Date: Thursday 8 September 2011
Time: 4pm – 6pm
Venue: Write Ltd, Level 9, Baldwins Centre, 342 Lambton Quay
(Enter via lifts opposite AA on level 2)
Email maria@trainingpractice.co.nz if you want to register your interest.
All welcome - $50.00 plus GST per person.
What's new in the world?
One simple question you can ask as a manager
Sometimes it’s simple ideas that are the best. So, here’s a really simple question all managers can ask there staff: What can I do to help you be more effective?” Some of the answers may be direct or indirect criticisms of you as a manager. But the key is to listen and if needed reflect on your response. To follow up this idea, read Linda Hill and Kent Lineback Being the Boss: The 3 Imperatives for Becoming a Great Leader, HBR Press, 2011.
Creating a culture that fosters creativity and innovation
A lot of organisations talk about building a creative and innovative culture. Here’s how
Tony Schwartz, the energy management thinker, believes you can create one. Not surprisingly he has an energy management slant on his six steps.
1. Meet People's Needs
Questioning orthodoxy and convention, the key to creativity, begins with questioning the way people are expected to work. How well are their core needs — physical, emotional, mental, and spiritual — met in the workplace? Ask staff what they need to perform at their best.
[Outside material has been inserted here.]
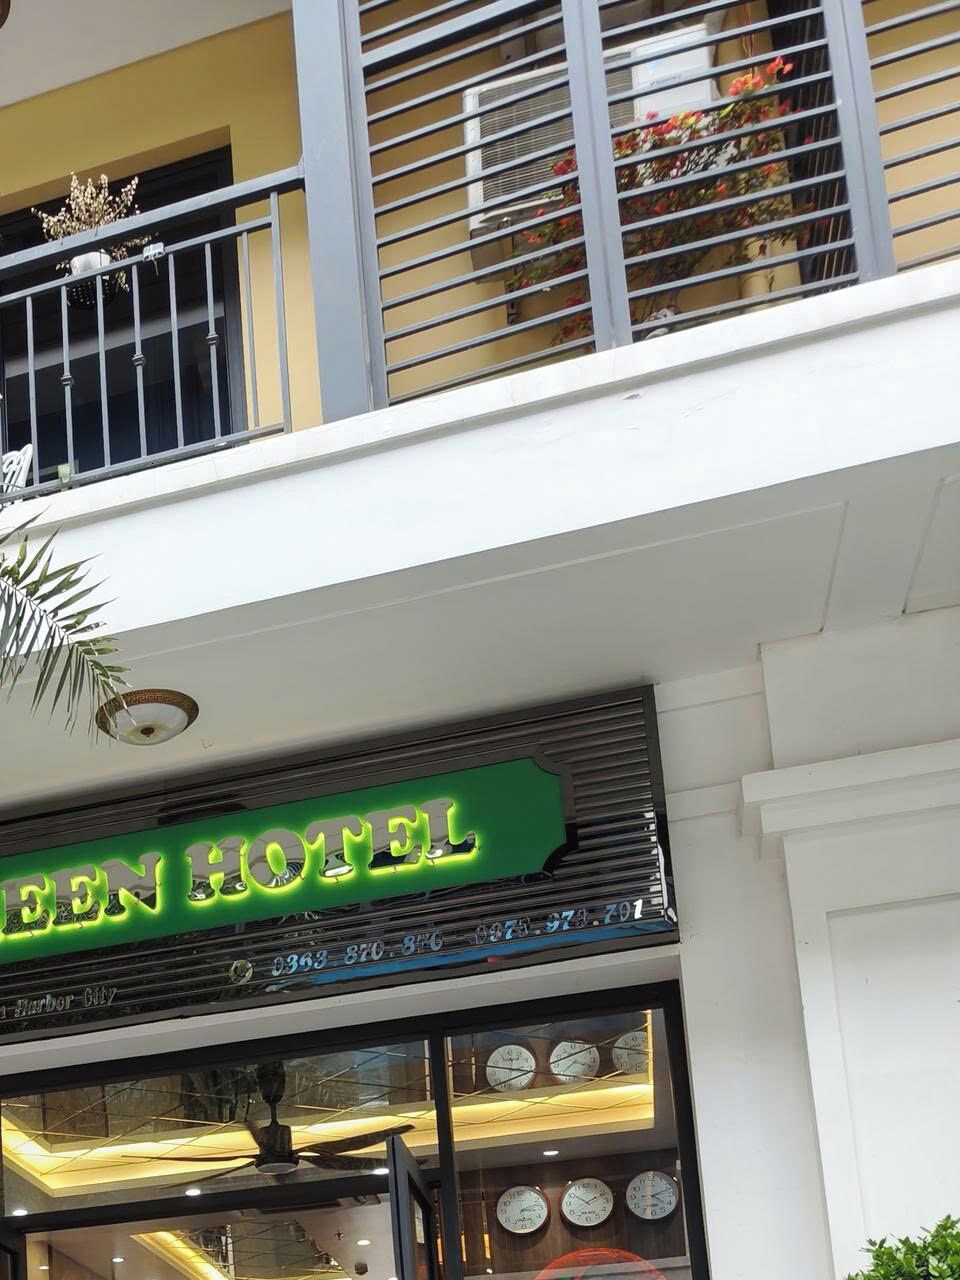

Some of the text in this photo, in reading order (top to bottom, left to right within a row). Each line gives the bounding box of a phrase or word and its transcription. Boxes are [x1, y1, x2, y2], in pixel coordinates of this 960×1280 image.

[185, 798, 478, 905] HOTEL
[14, 994, 74, 1017] Harbor
[84, 986, 117, 1008] City
Next, define what success looks like and hold people accountable for delivering it.
2. Teach Creativity Systematically
It isn't magical and it can be developed. Teach the five well-defined, widely accepted stages of creativity: insight, saturation, incubation, illumination, and verification. (Read Betty Edward's book Drawing on the Artist Within for a really good understanding of this process and right brain thinking.)
3. Nurture Passion
The quickest way to kill creativity is to put people in roles that don't excite their imagination. Look for small ways to give employees the opportunity and encouragement to follow their interests and express their unique talents.
4. Make the Work Matter
Human beings are meaning-making animals. We feel better about ourselves when we're making a positive contribution to something beyond ourselves. To feel truly motivated, we have to believe what we're doing really matters.
5. Provide the Time
Creative thinking requires slack—relatively open-ended, uninterrupted and unscheduled time, free of pressure. Ensure that creativity gets attention by scheduling time for it regularly.
6. Value Renewal
Human beings aren’t meant to operate continuously without a break. We're designed to expend energy for relatively short periods of time — no more than 90 minutes — and then recover. The third stage of the creative process, incubation, occurs when we step away from a problem we're trying to solve and let our unconscious work on it. Go for a walk, listen to music, meditate, or even take a drive. Movement, especially exercise induces a shift in consciousness in which creative breakthroughs spontaneously arise.